Mektuplarla ortaya çıkan iki hikaye

dunyadan

Aktif Üye
Sevgili okuyucular,

Bunun federal bir suç olduğundan oldukça emin olsam da başkalarının postalarını okumayı seviyorum. Posta kutunuza asla bakmam -çoğunlukla yakalanmaktan korktuğum için- ama mutfak masanızın üzerinde açık duran kartpostala mutlaka bir göz atacağım. Beni affet; Çok ilgi çekici ve az kelimeyle çok şey anlatıyor.

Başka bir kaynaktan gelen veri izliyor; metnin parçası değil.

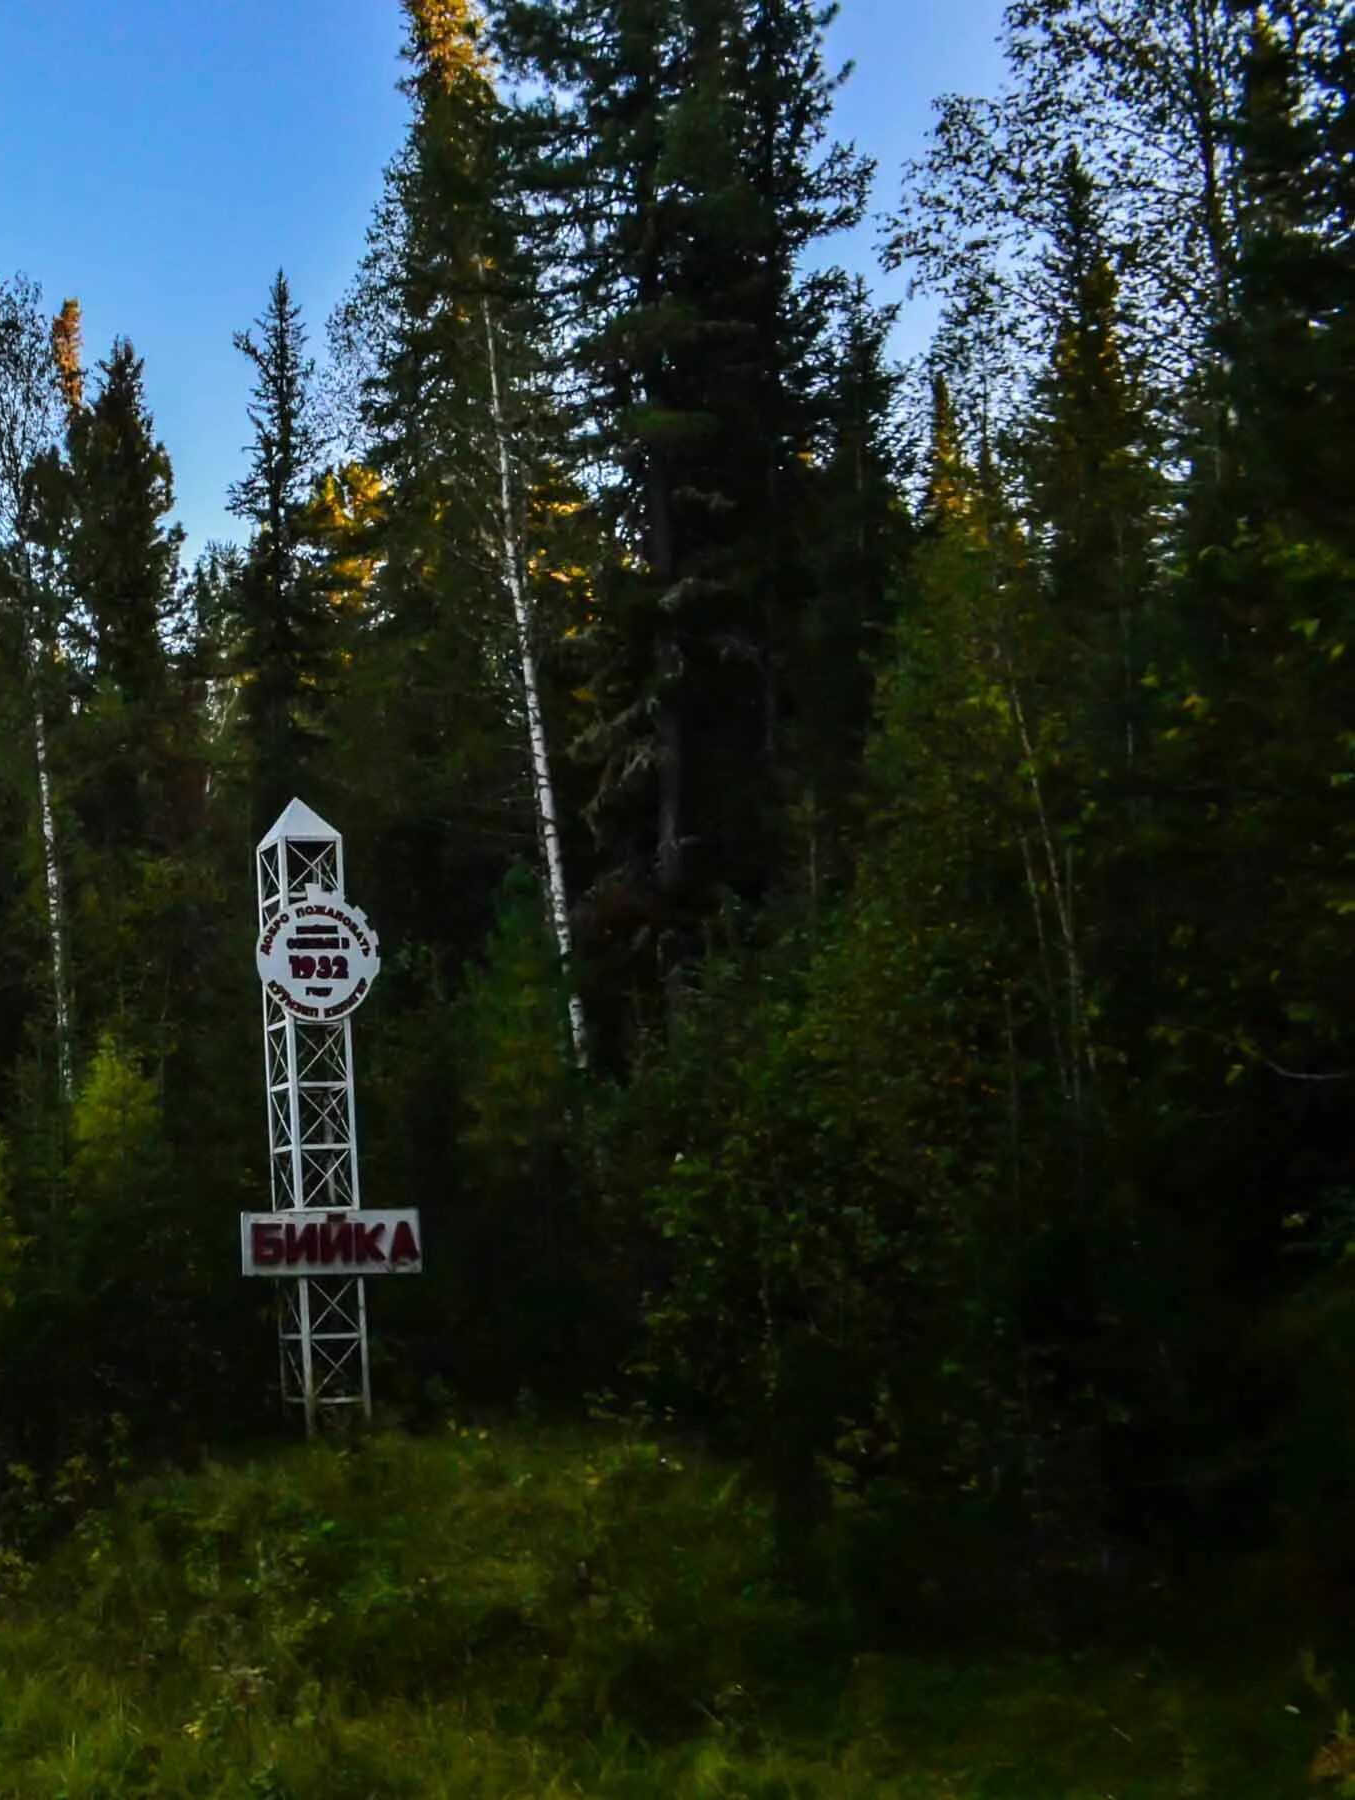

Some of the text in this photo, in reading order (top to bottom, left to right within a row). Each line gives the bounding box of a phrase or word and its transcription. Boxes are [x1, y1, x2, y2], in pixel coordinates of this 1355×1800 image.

Yemin ederim ki bu nahoş alışkanlığın merakla daha az, ömür boyu sürecek bir yazışma sevgisiyle ilgisi var. Bütün şirket beni heyecanlandırıyor: pullar, kırtasiye malzemeleri, posta hizmetinin güvenilir büyüsü. (“Postada kaybolmanın” yetişkinliğin “köpek ödevimi yemesi” olduğu konusunda hemfikir olabilir miyiz?) Ne yazık ki, akıllı telefonların ortaya çıkmasından önceki kadar sık kağıda kalem koymuyorum ama dayanıyorum hala posta kutuma düşen nadir mektup veya karta takılıp kalıyorum. Her bir düşünce önemli bir düşüncedir; Kadife Tavşan’ın olmak istediği şekilde gerçektir ve o açgözlü çocuk tarafından alt edilmeseydi Veren Ağaç’ın olacağı şekilde kalıcıdır.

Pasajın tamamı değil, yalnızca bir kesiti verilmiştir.